Чтение онлайн

на главную - закладки

Жанры

Любовница Иуды
Шрифт:

Вместе со следователем Джигурдой Иуда покинул гостиницу. На этот раз вид пальмы в центре вестибюля, когда они миновали её библейскую сень, пробудил в Иуде не ностальгические воспоминания, а пустынную жажду.

Только теперь, выйдя за ажурные металлические ворота, Иуда понял, чем с самого начала не понравилось ему здание спецгостиницы. Суровое великолепие каменных линий, розовых колонн и скульптурных приставок в виде ощеренных львиных морд, крылатых херувимов и бородатых божков четко восстановили в памяти один из беломраморных флигелей Иродовой претории, отданных римскому прокуратору на время годовых праздников-торжеств и других важных событий.

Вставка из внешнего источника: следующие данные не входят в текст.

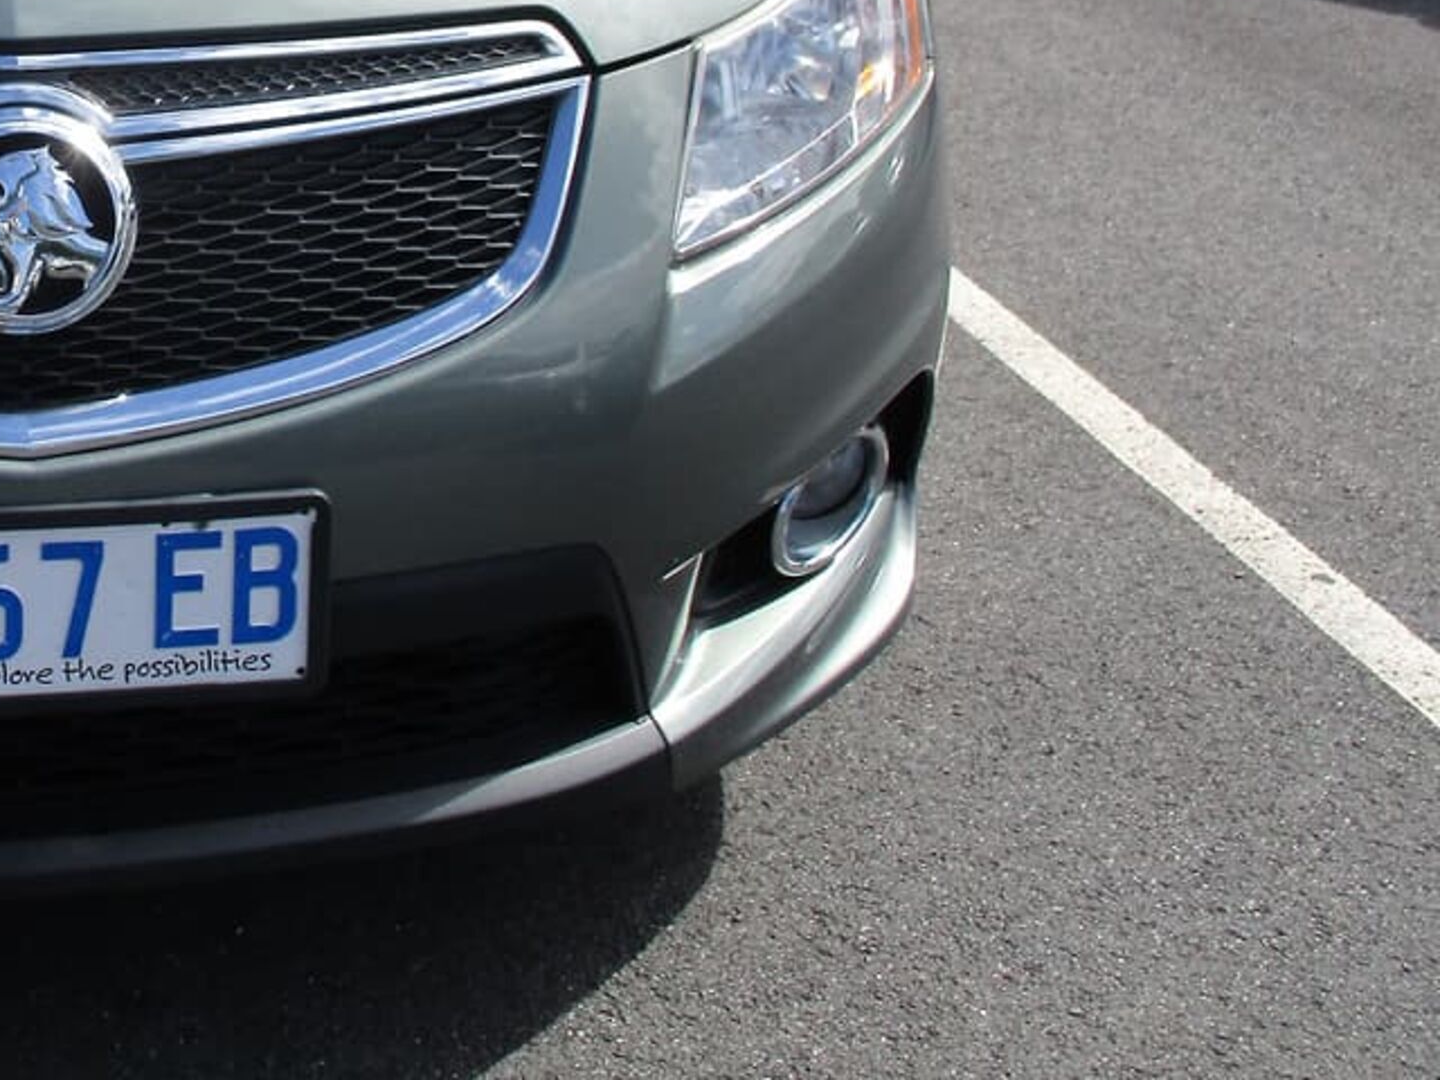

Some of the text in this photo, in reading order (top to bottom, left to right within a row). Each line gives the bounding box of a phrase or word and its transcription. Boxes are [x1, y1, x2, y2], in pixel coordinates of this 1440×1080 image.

[154, 527, 298, 649] EB
[63, 657, 116, 684] the
[123, 650, 273, 686] possibilities
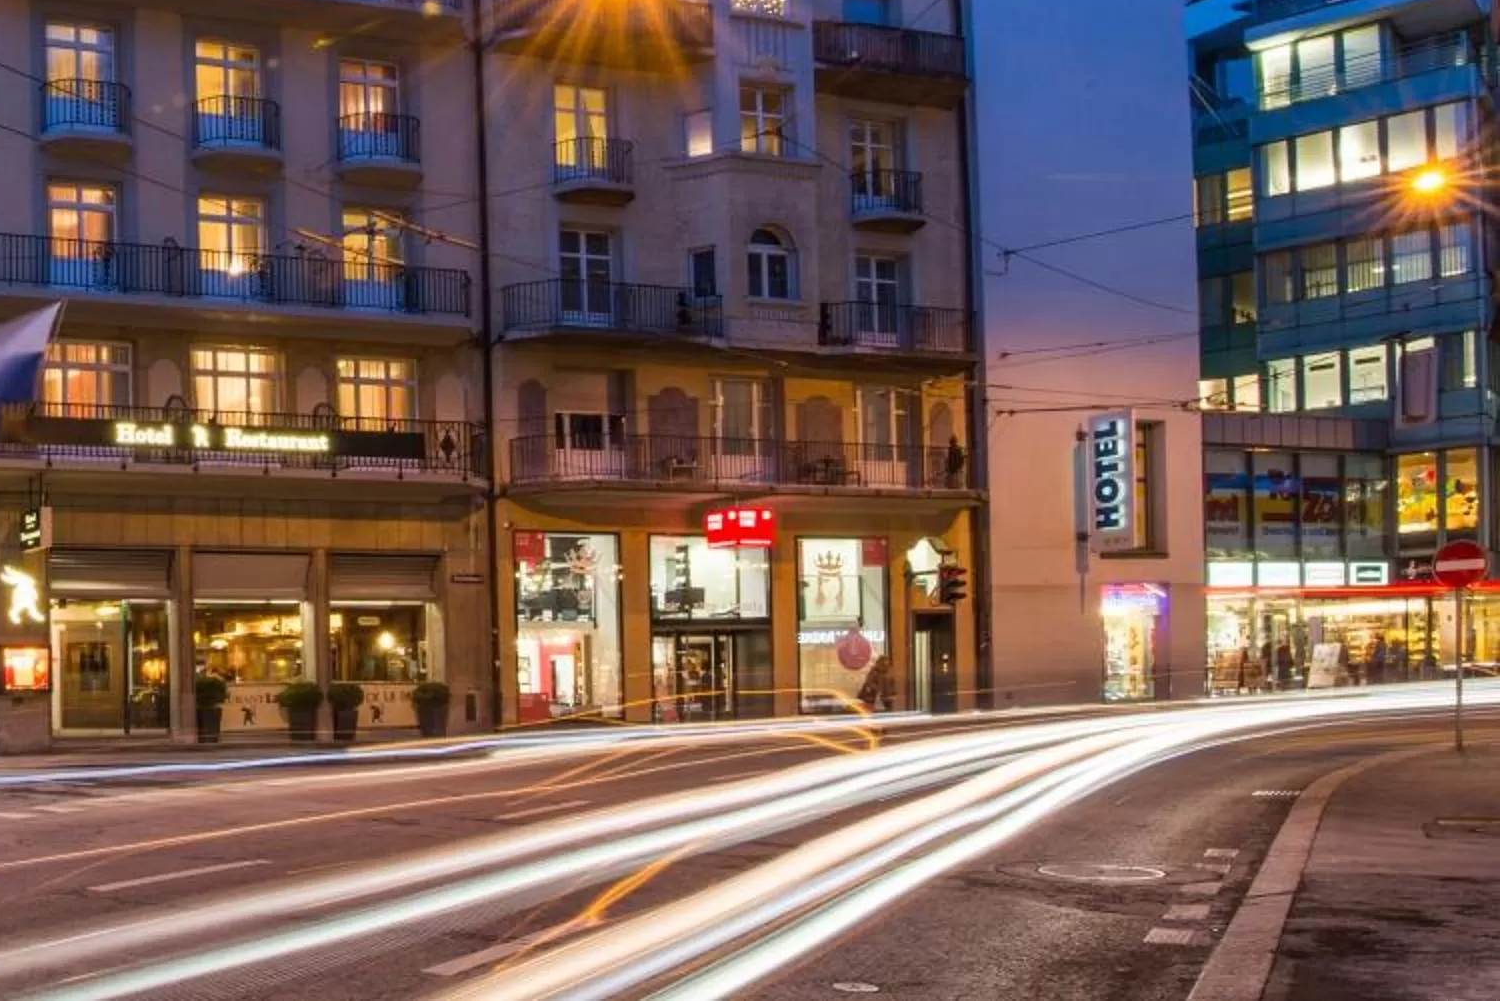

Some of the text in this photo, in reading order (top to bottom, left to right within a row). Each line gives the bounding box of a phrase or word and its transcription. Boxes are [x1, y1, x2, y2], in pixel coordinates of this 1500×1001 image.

[115, 422, 329, 451] Hotel Restaurant
[1094, 420, 1122, 530] HOTEL

Праздник Великого Островитянина

До официального праздника в честь дня рождения Великого Островитянина оставалось немного времени, и Джигурда решил показать экзотическому гостю свой родной городок, уютный и крепенький, как вросший в землю гриб, сорвать который можно было только вместе с грибницей. Казалось, что вся деревянно-кирпичная архитектура этого городка, вся его внешняя и внутренняя жизнь, существуют

не сами по себе, как у деревьев или птиц, а благодаря другой жизни, возникшей по чьей-то воле на острове, где прошли обычные детство и юность маленького человека с особой кислотной усмешкой, и теперь все были вынуждены дышать его якобы рассеянным в местном воздухе дыханием, а так же думать его думами и ненавидеть его ненавистью – а это, согласитесь, не каждому под силу. Однако и в подобном странном, лихорадочном бытии при желании можно было найти светлые стороны: с острым, почти болезненным любопытством разглядывал Иуда в мемориальном домике, где родился Великий Островитянин, свидетельства, касающиеся мельчайших подробностей его жизни. Не мог оторвать взгляд от удивительного лица его матери на фотографиях под стеклом (её, кстати, звали Марией), жадно выслушивал интереснейшую историю большой семьи, чем-то похожей на ту, что была ему так дорога…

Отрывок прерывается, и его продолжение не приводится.